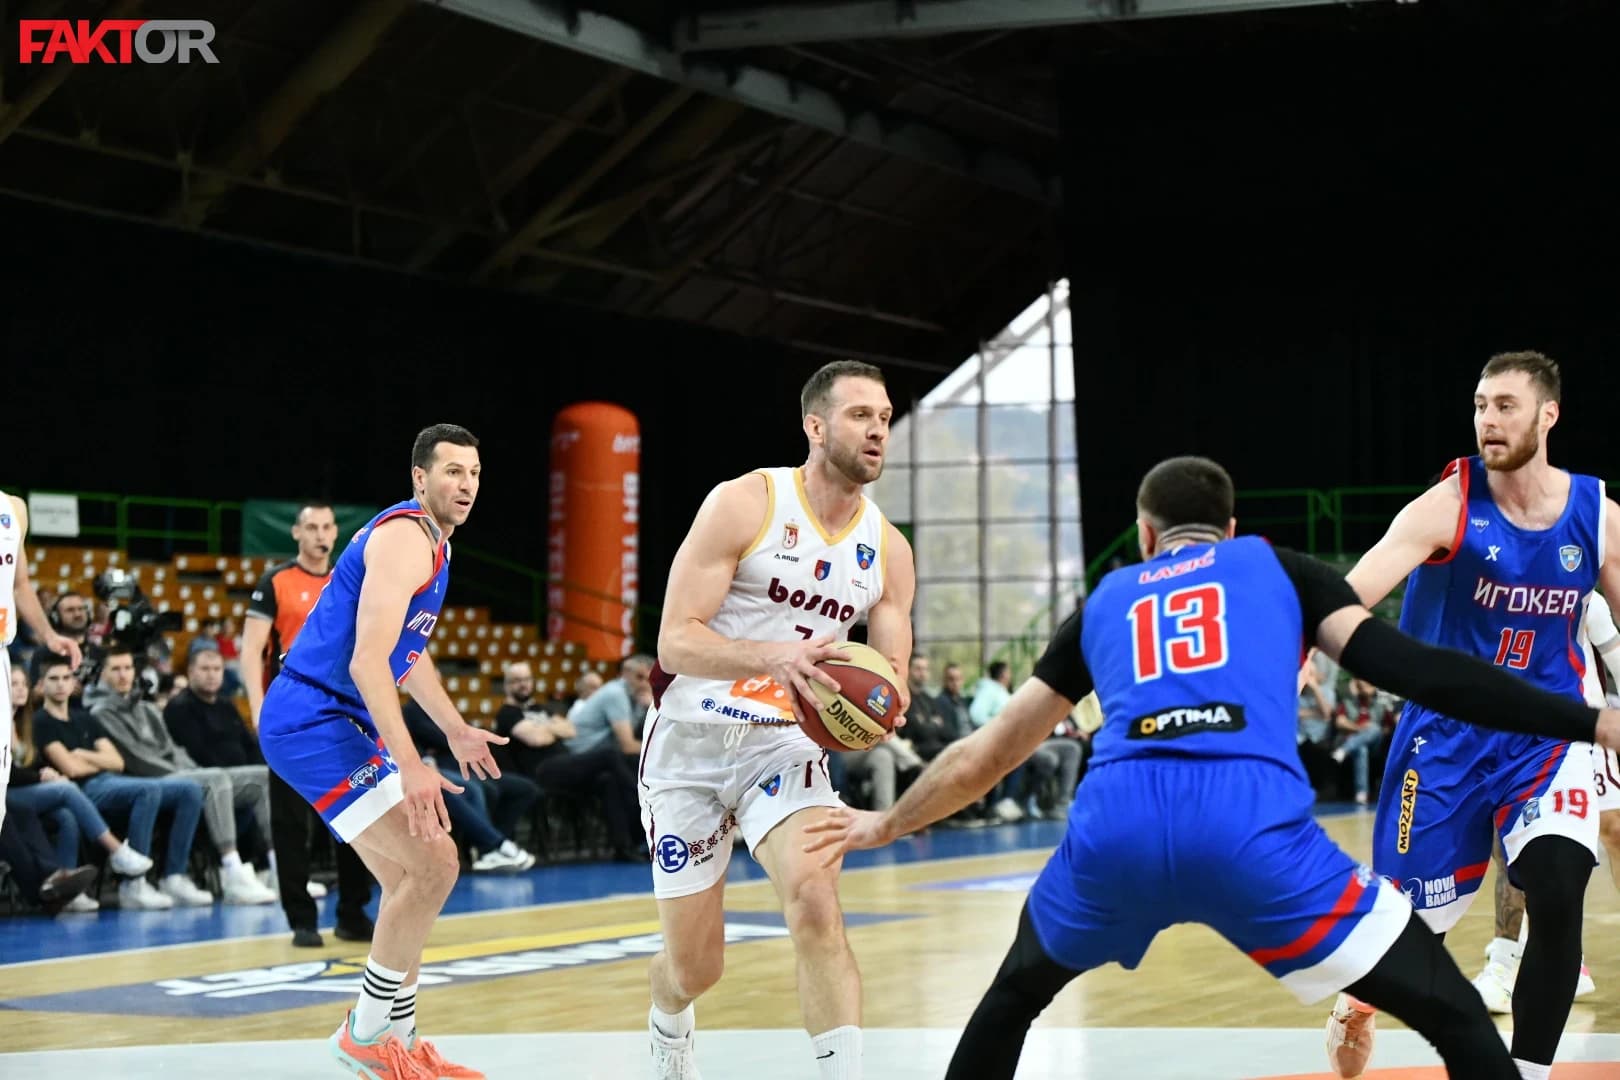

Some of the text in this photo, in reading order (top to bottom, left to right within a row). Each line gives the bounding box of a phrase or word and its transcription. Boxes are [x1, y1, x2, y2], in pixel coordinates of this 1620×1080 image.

[407, 610, 438, 637] ИГО
[1126, 582, 1229, 684] 13
[1494, 627, 1535, 669] 19
[826, 699, 881, 745] PALDING
[1141, 705, 1232, 735] OPTIMA
[1399, 773, 1417, 850] MOZZART
[1552, 788, 1589, 820] 19
[1424, 874, 1456, 895] NOVA

^^^^^^^^^^^^^^^^

### EXERCISE REQUIREMENTS
Exclude the pictures. Write out the remaining data exactly.

### WRITTEN RESPONSE
Some of the text in this photo, in reading order (top to bottom, left to right within a row). Each line gives the bounding box of a phrase or word and its transcription. Boxes are [x1, y1, x2, y2], in pixel coordinates of this 1620×1080 image.

[407, 610, 438, 637] ИГО
[1126, 582, 1229, 684] 13
[1494, 627, 1535, 669] 19
[826, 699, 881, 745] PALDING
[1141, 705, 1232, 735] OPTIMA
[1399, 773, 1417, 850] MOZZART
[1552, 788, 1589, 820] 19
[1424, 874, 1456, 895] NOVA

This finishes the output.